Updated

As work crews cleaned up the mess Hurricane Isabel (search) left in the nation's capital, the National Mall (search) became a refuge Saturday for some of the hundreds of thousands in the region whose home still lacked electric power.

Pamela Boone of Seat Pleasant, Md., said she had cabin fever after three days inside her darkened home.

"It's awful. It's terrible," she said. Boone and her 1gion had their power cut when Isabel roared past early Friday, its center cutting a path through rural Virginia to the west and on into West Virginia, western Maryland and Pennsylvania. With utility crews working overtime and help coming from as far away as Texas, power had been restored to close to half a million customers by afternoon Saturday.

Officials urged patience amid complaints from residents still waiting for the lights to flicker on. Elisabeth Gaffney, who's pregnant and has four children at home, said without electricity, her children's food is rotting in the refrigerator.

Cindy Goad and her husband, Chris, who lost electricity at their home in Richmond, Va., about 100 miles south of Washington, decided to pack their bags, head to a hotel in D.C. and tour the city's landmarks with their sons.

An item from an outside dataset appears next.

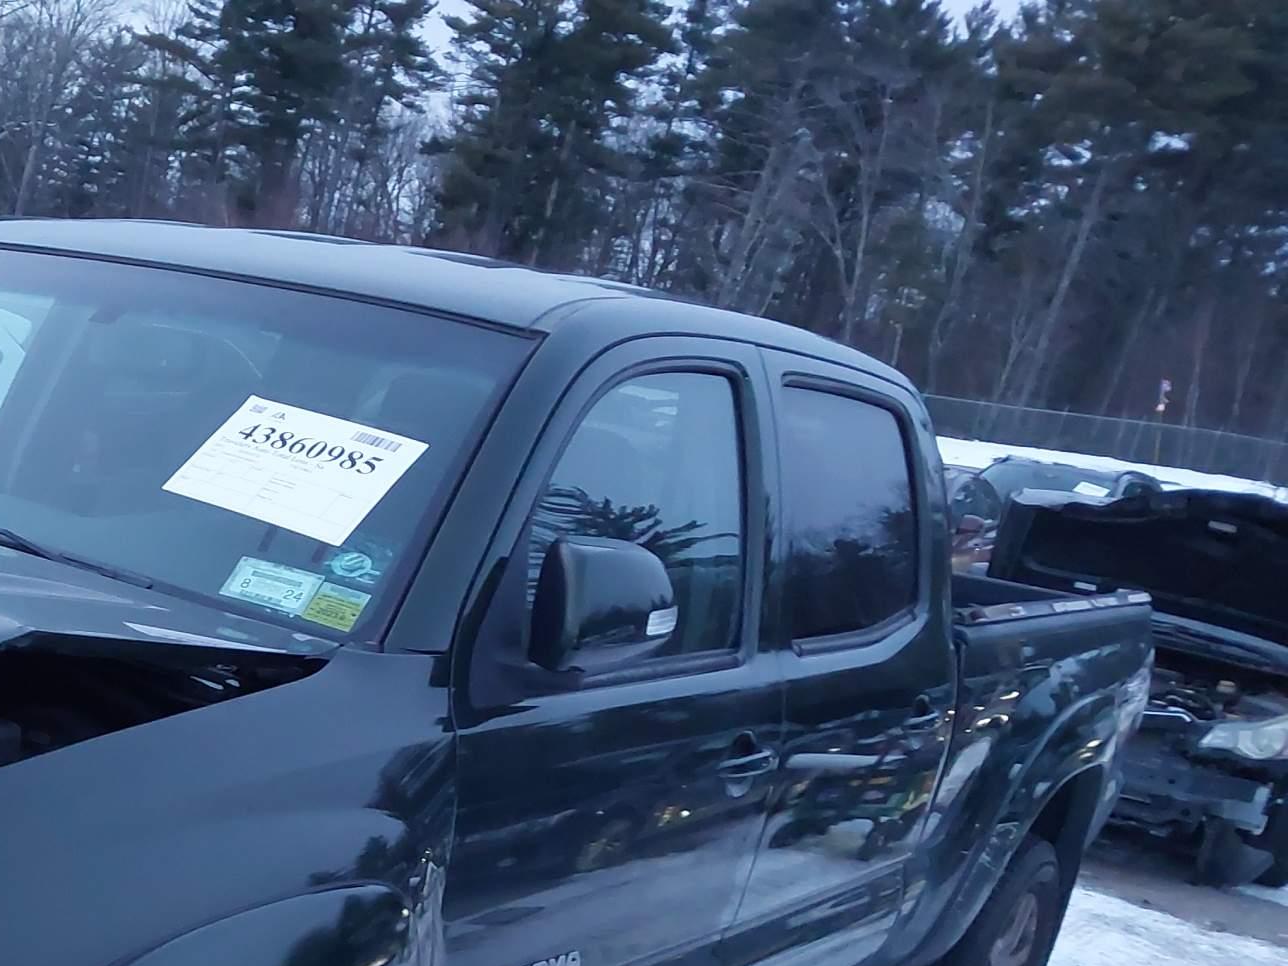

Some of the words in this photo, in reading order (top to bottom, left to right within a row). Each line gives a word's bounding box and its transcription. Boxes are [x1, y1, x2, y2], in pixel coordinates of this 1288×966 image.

[238, 423, 384, 475] 43860985
[240, 578, 252, 589] 8
[282, 589, 305, 603] 24

"It's either eat cold food and peanut butter sandwiches, and look at each other and listen to a radio until the batteries run out, or go someplace," Chris Goad said.

The Washington Monument (search), which reopened Saturday after being shuttered because of Isabel, was teeming with tourists waiting to ride to the top of the 555-foot-tall obelisk.

National Park Service crews were up at dawn replacing the 50 U.S. flags surrounding the monument. A crewman in a white cherry picker replaced the flags, left tattered and torn by the worst storm to hit the region in years.

Not far away, about 150 volunteers with rakes, brooms and shovels bundled up broken tree limbs and cleaned other debris scattered near the Lincoln Memorial.

An environmental group coordinated the event as part of the 10th annual National Public Lands Day.

The storm was blamed for one fatality in the capital area, a 24-year-old man whose car and a police cruiser collided at a Washington intersection where the signal was not working.